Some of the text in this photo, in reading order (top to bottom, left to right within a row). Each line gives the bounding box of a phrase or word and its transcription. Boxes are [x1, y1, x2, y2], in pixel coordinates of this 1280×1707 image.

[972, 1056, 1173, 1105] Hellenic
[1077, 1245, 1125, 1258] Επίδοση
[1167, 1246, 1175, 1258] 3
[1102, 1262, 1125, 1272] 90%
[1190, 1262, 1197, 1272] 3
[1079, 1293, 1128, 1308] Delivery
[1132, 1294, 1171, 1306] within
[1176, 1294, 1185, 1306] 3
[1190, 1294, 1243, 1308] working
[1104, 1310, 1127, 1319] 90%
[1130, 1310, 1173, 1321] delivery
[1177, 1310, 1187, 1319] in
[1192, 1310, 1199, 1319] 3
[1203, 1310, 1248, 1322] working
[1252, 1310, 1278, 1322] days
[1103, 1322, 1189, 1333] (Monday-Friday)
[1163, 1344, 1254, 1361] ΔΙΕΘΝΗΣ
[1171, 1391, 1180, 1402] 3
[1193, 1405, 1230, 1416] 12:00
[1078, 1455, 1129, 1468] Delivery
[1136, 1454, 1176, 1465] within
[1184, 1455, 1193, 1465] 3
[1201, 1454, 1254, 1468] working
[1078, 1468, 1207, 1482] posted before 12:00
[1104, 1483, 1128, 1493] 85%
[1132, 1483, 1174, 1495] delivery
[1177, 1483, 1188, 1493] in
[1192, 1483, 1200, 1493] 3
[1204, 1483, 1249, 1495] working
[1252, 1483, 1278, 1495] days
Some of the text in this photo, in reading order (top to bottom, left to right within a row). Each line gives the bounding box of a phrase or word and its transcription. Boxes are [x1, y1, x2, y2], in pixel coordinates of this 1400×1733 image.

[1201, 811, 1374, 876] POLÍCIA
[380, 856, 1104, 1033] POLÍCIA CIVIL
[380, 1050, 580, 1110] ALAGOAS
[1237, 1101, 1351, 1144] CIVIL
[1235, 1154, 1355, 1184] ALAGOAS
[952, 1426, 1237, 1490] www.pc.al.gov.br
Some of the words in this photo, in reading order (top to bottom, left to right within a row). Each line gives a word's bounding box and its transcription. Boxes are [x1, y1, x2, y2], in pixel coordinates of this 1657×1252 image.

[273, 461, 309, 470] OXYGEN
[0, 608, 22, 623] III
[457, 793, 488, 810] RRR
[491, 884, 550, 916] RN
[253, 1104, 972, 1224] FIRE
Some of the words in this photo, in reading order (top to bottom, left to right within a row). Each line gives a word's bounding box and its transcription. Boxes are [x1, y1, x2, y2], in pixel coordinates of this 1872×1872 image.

TASK INSTRUCTIONS:
Set down the whole of the material again, exactly.

WRITTEN RESPONSE:
Some of the text in this photo, in reading order (top to bottom, left to right within a row). Each line gives the bounding box of a phrase or word and its transcription. Boxes are [x1, y1, x2, y2], in pixel coordinates of this 1280×1707 image.

[972, 1056, 1173, 1105] Hellenic
[1077, 1245, 1125, 1258] Επίδοση
[1167, 1246, 1175, 1258] 3
[1102, 1262, 1125, 1272] 90%
[1190, 1262, 1197, 1272] 3
[1079, 1293, 1128, 1308] Delivery
[1132, 1294, 1171, 1306] within
[1176, 1294, 1185, 1306] 3
[1190, 1294, 1243, 1308] working
[1104, 1310, 1127, 1319] 90%
[1130, 1310, 1173, 1321] delivery
[1177, 1310, 1187, 1319] in
[1192, 1310, 1199, 1319] 3
[1203, 1310, 1248, 1322] working
[1252, 1310, 1278, 1322] days
[1103, 1322, 1189, 1333] (Monday-Friday)
[1163, 1344, 1254, 1361] ΔΙΕΘΝΗΣ
[1171, 1391, 1180, 1402] 3
[1193, 1405, 1230, 1416] 12:00
[1078, 1455, 1129, 1468] Delivery
[1136, 1454, 1176, 1465] within
[1184, 1455, 1193, 1465] 3
[1201, 1454, 1254, 1468] working
[1078, 1468, 1207, 1482] posted before 12:00
[1104, 1483, 1128, 1493] 85%
[1132, 1483, 1174, 1495] delivery
[1177, 1483, 1188, 1493] in
[1192, 1483, 1200, 1493] 3
[1204, 1483, 1249, 1495] working
[1252, 1483, 1278, 1495] days
Some of the text in this photo, in reading order (top to bottom, left to right within a row). Each line gives the bounding box of a phrase or word and its transcription. Boxes are [x1, y1, x2, y2], in pixel coordinates of this 1400×1733 image.

[1201, 811, 1374, 876] POLÍCIA
[380, 856, 1104, 1033] POLÍCIA CIVIL
[380, 1050, 580, 1110] ALAGOAS
[1237, 1101, 1351, 1144] CIVIL
[1235, 1154, 1355, 1184] ALAGOAS
[952, 1426, 1237, 1490] www.pc.al.gov.br
Some of the words in this photo, in reading order (top to bottom, left to right within a row). Each line gives a word's bounding box and its transcription. Boxes are [x1, y1, x2, y2], in pixel coordinates of this 1657×1252 image.

[273, 461, 309, 470] OXYGEN
[0, 608, 22, 623] III
[457, 793, 488, 810] RRR
[491, 884, 550, 916] RN
[253, 1104, 972, 1224] FIRE
Some of the words in this photo, in reading order (top to bottom, left to right within a row). Each line gives a word's bounding box and its transcription. Boxes are [x1, y1, x2, y2], in pixel coordinates of this 1872×1872 image.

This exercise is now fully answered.